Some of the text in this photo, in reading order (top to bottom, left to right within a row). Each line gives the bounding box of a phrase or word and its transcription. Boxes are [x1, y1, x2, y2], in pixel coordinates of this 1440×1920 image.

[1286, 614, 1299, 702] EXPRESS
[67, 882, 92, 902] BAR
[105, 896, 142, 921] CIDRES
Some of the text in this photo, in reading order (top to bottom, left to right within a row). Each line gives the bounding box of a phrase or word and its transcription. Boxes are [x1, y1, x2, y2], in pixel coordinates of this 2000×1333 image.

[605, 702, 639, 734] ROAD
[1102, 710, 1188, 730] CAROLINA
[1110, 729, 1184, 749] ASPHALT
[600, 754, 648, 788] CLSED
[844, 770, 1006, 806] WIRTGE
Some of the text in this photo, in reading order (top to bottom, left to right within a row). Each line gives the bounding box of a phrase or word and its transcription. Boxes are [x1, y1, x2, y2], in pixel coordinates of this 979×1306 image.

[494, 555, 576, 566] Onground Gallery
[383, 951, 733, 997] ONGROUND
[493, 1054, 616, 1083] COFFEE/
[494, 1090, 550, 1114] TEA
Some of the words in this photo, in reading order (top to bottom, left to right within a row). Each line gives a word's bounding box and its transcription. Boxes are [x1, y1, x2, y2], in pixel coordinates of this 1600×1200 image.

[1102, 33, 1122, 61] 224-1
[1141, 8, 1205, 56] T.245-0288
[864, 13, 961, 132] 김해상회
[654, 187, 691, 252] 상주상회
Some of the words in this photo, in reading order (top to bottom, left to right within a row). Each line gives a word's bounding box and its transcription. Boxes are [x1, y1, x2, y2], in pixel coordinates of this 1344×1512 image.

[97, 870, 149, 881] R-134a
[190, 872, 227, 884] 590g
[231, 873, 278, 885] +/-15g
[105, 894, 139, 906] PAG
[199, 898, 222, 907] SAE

·····

▶ [What you should do]:
Write down only the closing run of lines: the one containing "this 2000×1333 image." and every line after it to the end of the entries, exactly.

▶ [Task result]:
Some of the text in this photo, in reading order (top to bottom, left to right within a row). Each line gives the bounding box of a phrase or word and its transcription. Boxes are [x1, y1, x2, y2], in pixel coordinates of this 2000×1333 image.

[605, 702, 639, 734] ROAD
[1102, 710, 1188, 730] CAROLINA
[1110, 729, 1184, 749] ASPHALT
[600, 754, 648, 788] CLSED
[844, 770, 1006, 806] WIRTGE
Some of the text in this photo, in reading order (top to bottom, left to right within a row). Each line gives the bounding box of a phrase or word and its transcription. Boxes are [x1, y1, x2, y2], in pixel coordinates of this 979×1306 image.

[494, 555, 576, 566] Onground Gallery
[383, 951, 733, 997] ONGROUND
[493, 1054, 616, 1083] COFFEE/
[494, 1090, 550, 1114] TEA
Some of the words in this photo, in reading order (top to bottom, left to right within a row). Each line gives a word's bounding box and its transcription. Boxes are [x1, y1, x2, y2], in pixel coordinates of this 1600×1200 image.

[1102, 33, 1122, 61] 224-1
[1141, 8, 1205, 56] T.245-0288
[864, 13, 961, 132] 김해상회
[654, 187, 691, 252] 상주상회
Some of the words in this photo, in reading order (top to bottom, left to right within a row). Each line gives a word's bounding box and its transcription. Boxes are [x1, y1, x2, y2], in pixel coordinates of this 1344×1512 image.

[97, 870, 149, 881] R-134a
[190, 872, 227, 884] 590g
[231, 873, 278, 885] +/-15g
[105, 894, 139, 906] PAG
[199, 898, 222, 907] SAE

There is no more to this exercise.